I have no memory of Nandia Black after 4th grade. Did her family move away or did she just fall off my radar screen after refusing to recognize my undying love for her? To be honest, I haven’t thought of Nandia in over 40 years, but I just googled her and, to my great surprise, instantly found her website. Could it be her? Yep. The dates check out on her bio and her photo certainly evokes that sweet little girl from 1968, my 4th grade Valentine. If her family did move away, I guess it wasn’t too far—today Nandia is a respected lawyer in Chicago, a former assistant state’s attorney. Forgive me, Nandia—no restraining order necessary, I’m just reminiscing!
Tonight my current Valentine and I will be bypassing the heart-shaped candy boxes and rip-off dinners-for-two at local restaurants. Instead we will be attending the perfect Valentine’s Day celebration for us: a double feature at the UCLA Film Archive of appropriately themed Thelma Ritter films. First we'll see “The Model and the Marriage Broker” in which Ritter plays a middle-aged Manhattan matchmaker trying to fix up lingerie model Jeanne Crain, and then “The Mating Season,” which features Thelma as a down-and-out hamburger stand owner who is mistaken for the maid when she goes to visit her son and his high society girlfriend Gene Tierney. Forget the flowers, that’s the way to celebrate the holiday! Any of you die-hard romantics care to join us?

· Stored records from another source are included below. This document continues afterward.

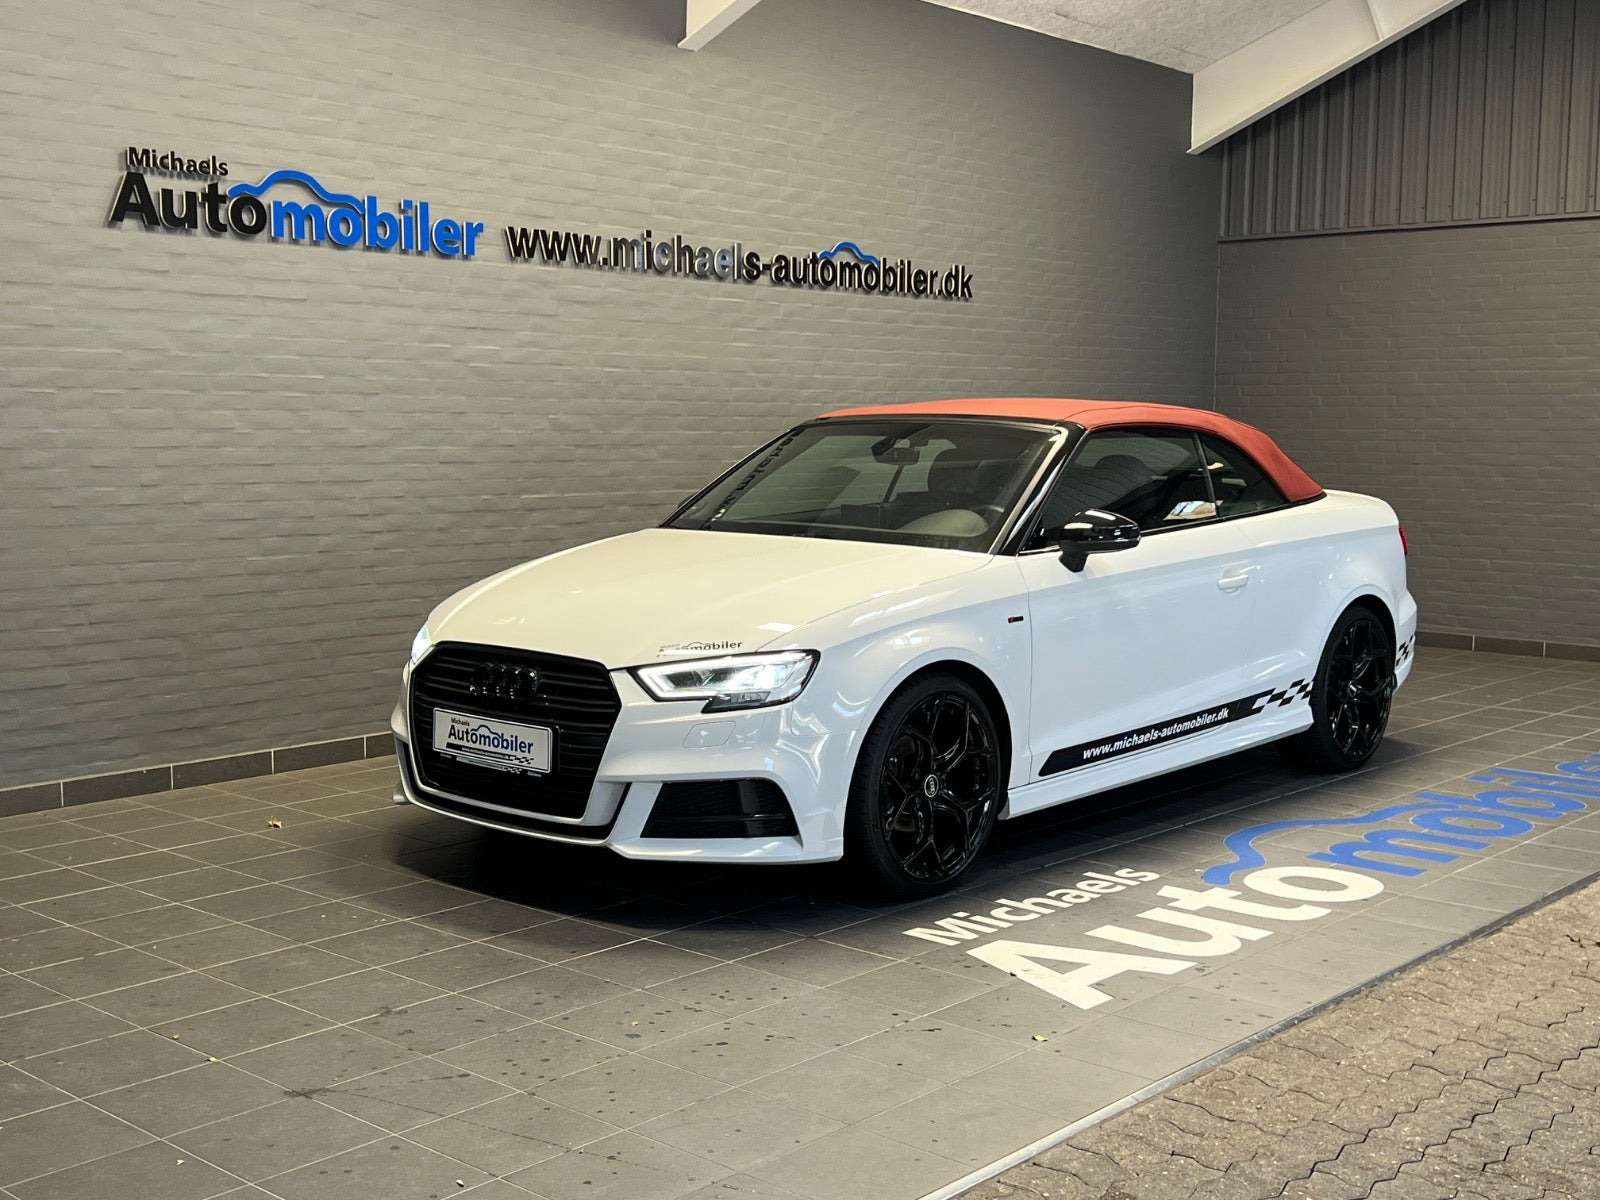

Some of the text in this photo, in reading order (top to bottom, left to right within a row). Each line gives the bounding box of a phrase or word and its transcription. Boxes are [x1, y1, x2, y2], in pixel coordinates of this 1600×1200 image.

[126, 146, 229, 177] Michaels
[108, 171, 484, 257] Automobiler
[504, 226, 974, 299] www.michaels-automobiler.dk
[448, 724, 534, 754] Automobiler
[1082, 707, 1230, 760] www.michaels-automobiler.dk
[902, 867, 1160, 946] Michaels
[965, 752, 1600, 1010] Automobil

At least you now know who to call if you ever need an attorney!
Posted by: Neil | February 14, 2009 at 03:32 PM
I have the same choked memories, in the same grade of 4th. We used to eat all the really corny hearts that said "Love" or "Be Mine" but only after we giddily debated if we should give them to our crushes (mine were Ian Silverburg and Valerie Wooster - I was a confused child). There was always the trauma of not getting the "good" (glittery, funny, or big) cards from classmates, and getting instead only the boring,flat, unfunny ones.
I think you should name the kids after your favorite old movie stars. Or theaters. Like Orpheum and Pantages. Avalon Hollywood and Angel Stadium. ;-)
Posted by: Jane | February 15, 2009 at 03:19 AM
How can you be such a curmudgeon about Valentine's day yet have such a sweet memory?
Posted by: Jeff | February 15, 2009 at 04:33 AM
I love Thelma Ritter, especially in Rear Window! She makes me feel so secure.
Happy Valentine's Day, Danny!
Posted by: La Framéricaine | February 15, 2009 at 06:44 PM
Danny, leave it to you to bring up 4th grade and Nandia! I was friends with her and was always at her house after school. She still looks beautiful and I'm glad to hear that she is successful lawyer. Hope you had a nice Valentines Day!
Posted by: Arlene | February 15, 2009 at 07:59 PM
I loved "The Mating Season"! How appropriate for you two.
Thanks for the sweet story...
Posted by: Paula | February 16, 2009 at 10:06 AM
Now THAT'S a Valentine's Day post. I think you covered all of your bases here. I just watched a documentary about what led up to the 1968 Summer Olympics and the Black power salute, so, I was already in the right time frame when I read this.
Posted by: churlita | February 16, 2009 at 01:09 PM
Someone still needs to talk to their therapist about some repressed memories, of course that just would be my opinion. Or you could be Woody Allen(secretly)and write a movie about your past memories.
Posted by: Sam | February 16, 2009 at 03:12 PM
I'm sending this post to my entire Hebrew class, which was wondering about the actual historical figure of St. Valentine.
Your wisdom spreads across the globe!